Exercise inputs section start

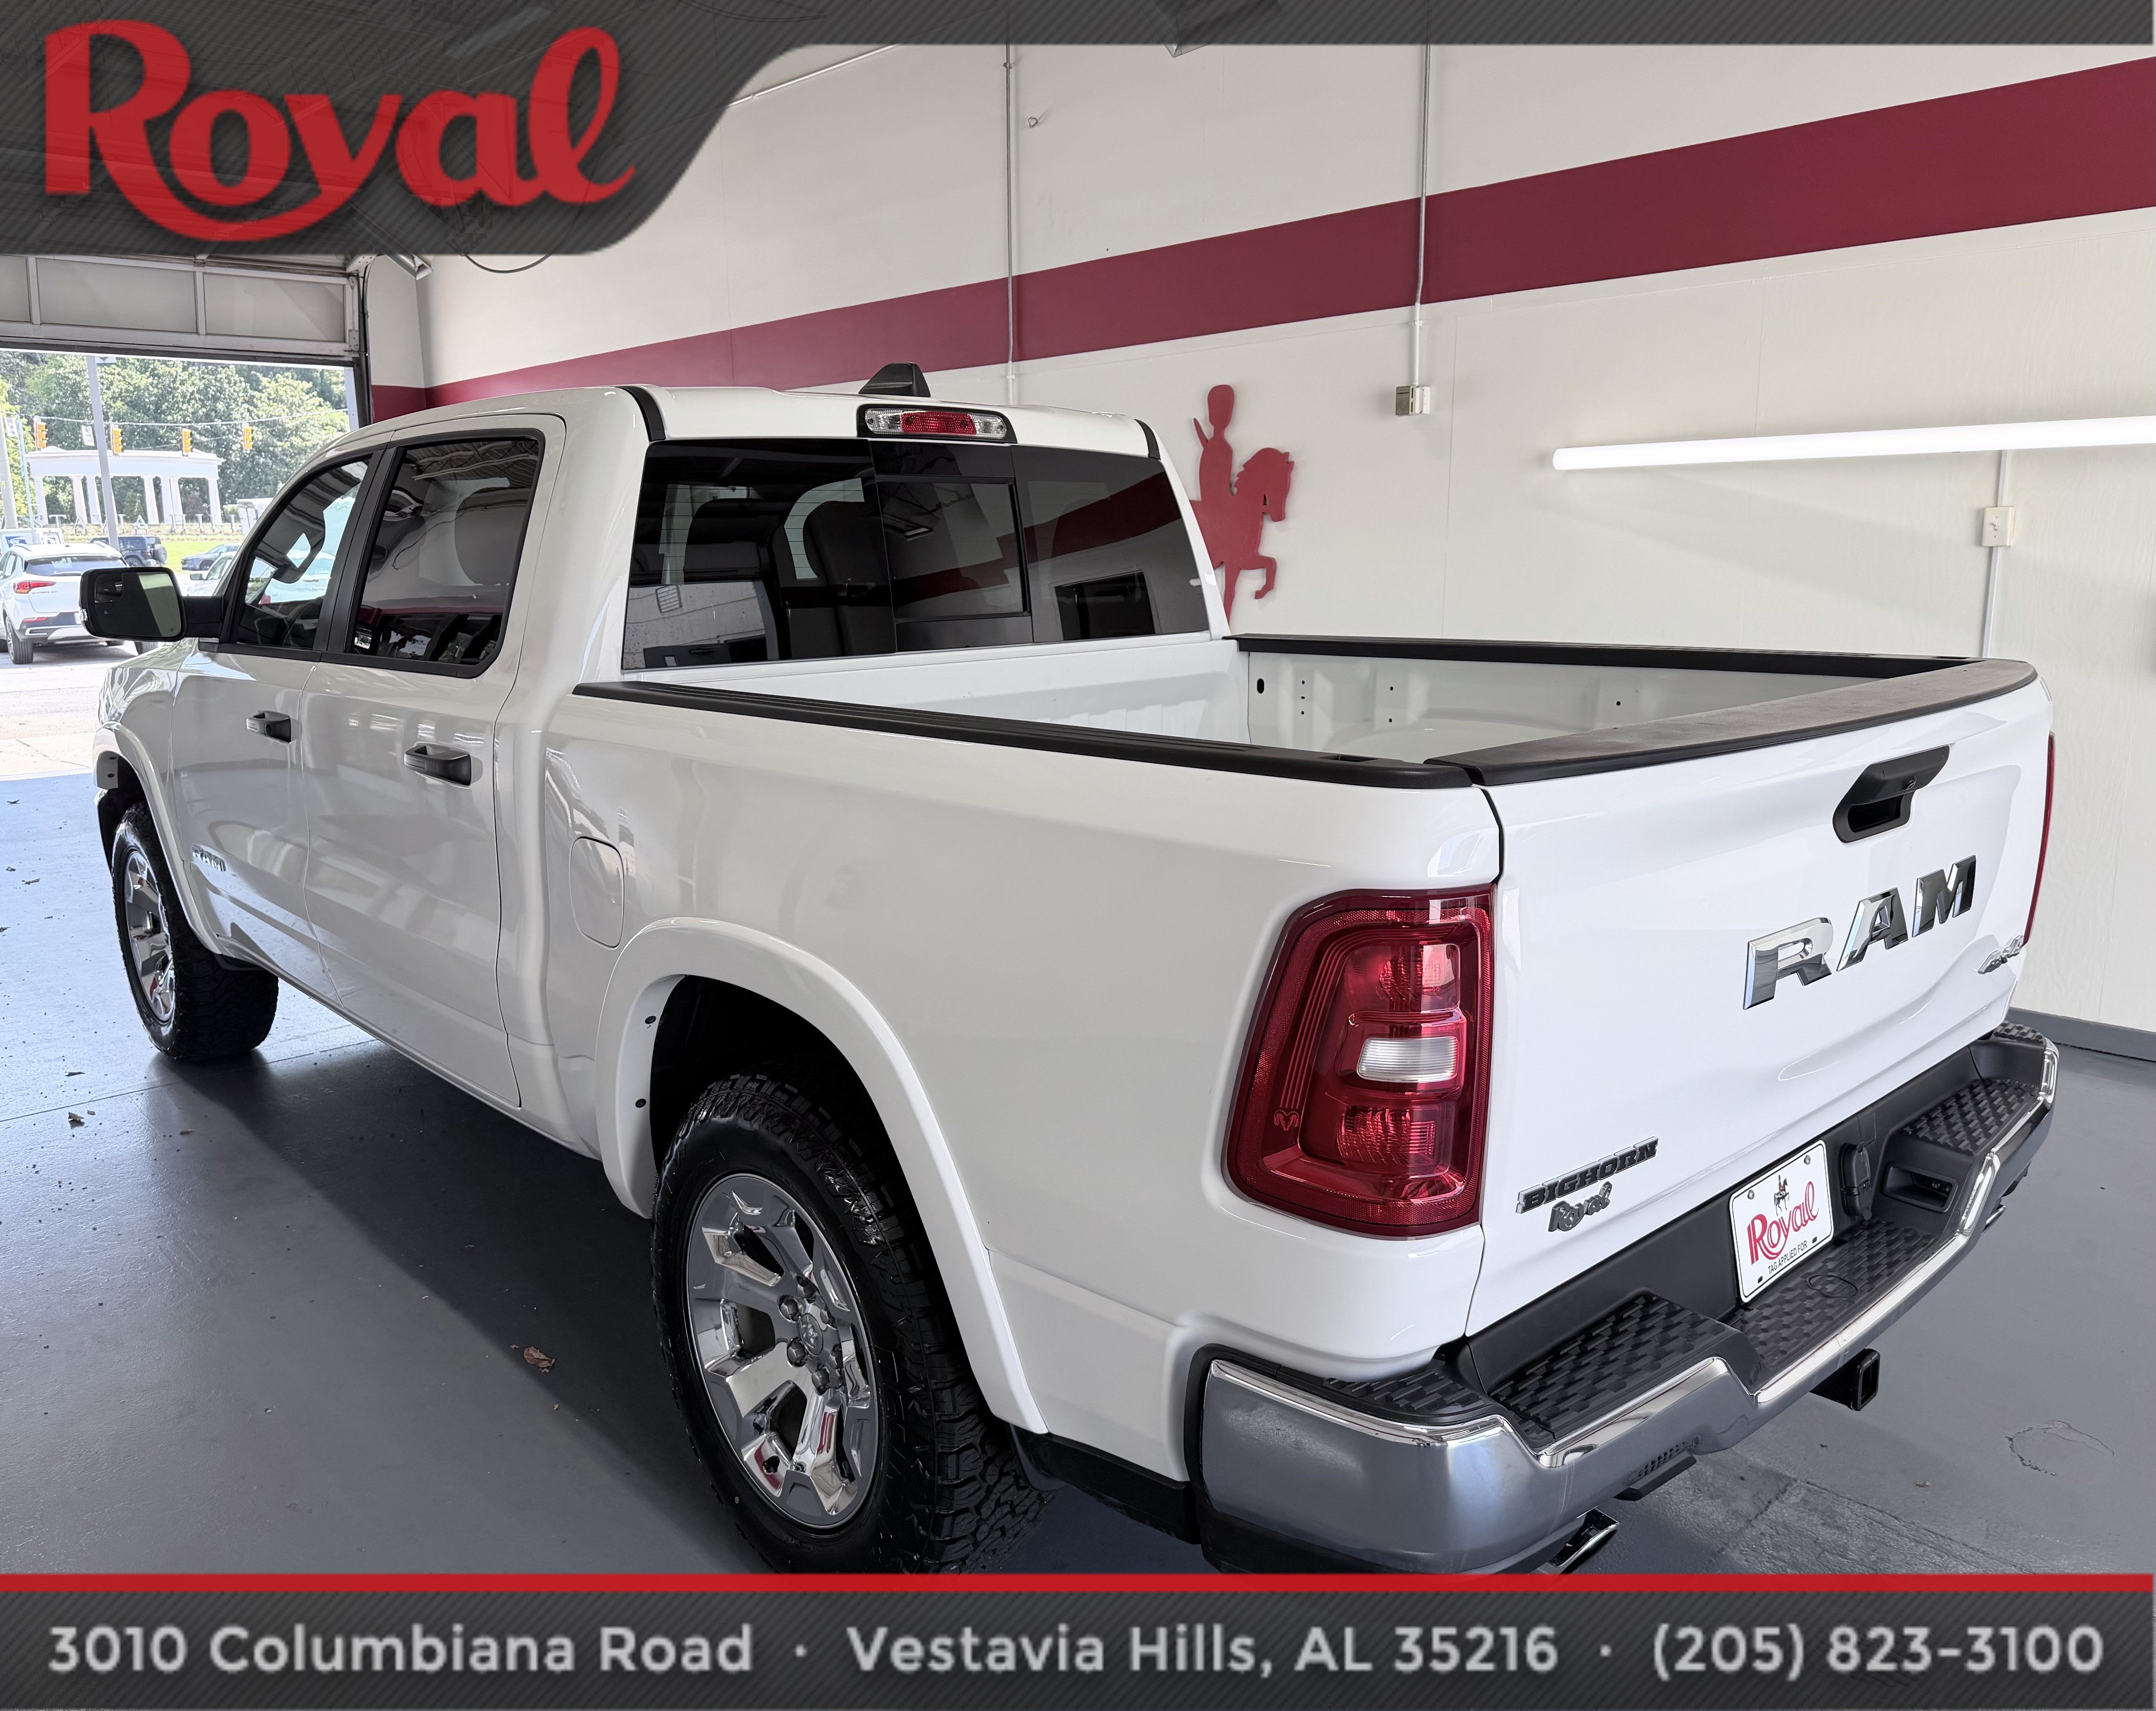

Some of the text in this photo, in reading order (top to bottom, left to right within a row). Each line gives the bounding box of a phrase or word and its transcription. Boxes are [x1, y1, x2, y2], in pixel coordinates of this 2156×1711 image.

[1743, 854, 1976, 1010] RAM
[1516, 1136, 1658, 1214] BIGHORN
[1548, 1181, 1613, 1232] Royal
[1747, 1181, 1819, 1265] Royal
[1768, 1240, 1808, 1274] TAG APPLIED FOR

Exercise inputs section end

Required action – Repeat the records above verbatim, with no pictures in the result.

Reply to the task –
Some of the text in this photo, in reading order (top to bottom, left to right within a row). Each line gives the bounding box of a phrase or word and its transcription. Boxes are [x1, y1, x2, y2], in pixel coordinates of this 2156×1711 image.

[1743, 854, 1976, 1010] RAM
[1516, 1136, 1658, 1214] BIGHORN
[1548, 1181, 1613, 1232] Royal
[1747, 1181, 1819, 1265] Royal
[1768, 1240, 1808, 1274] TAG APPLIED FOR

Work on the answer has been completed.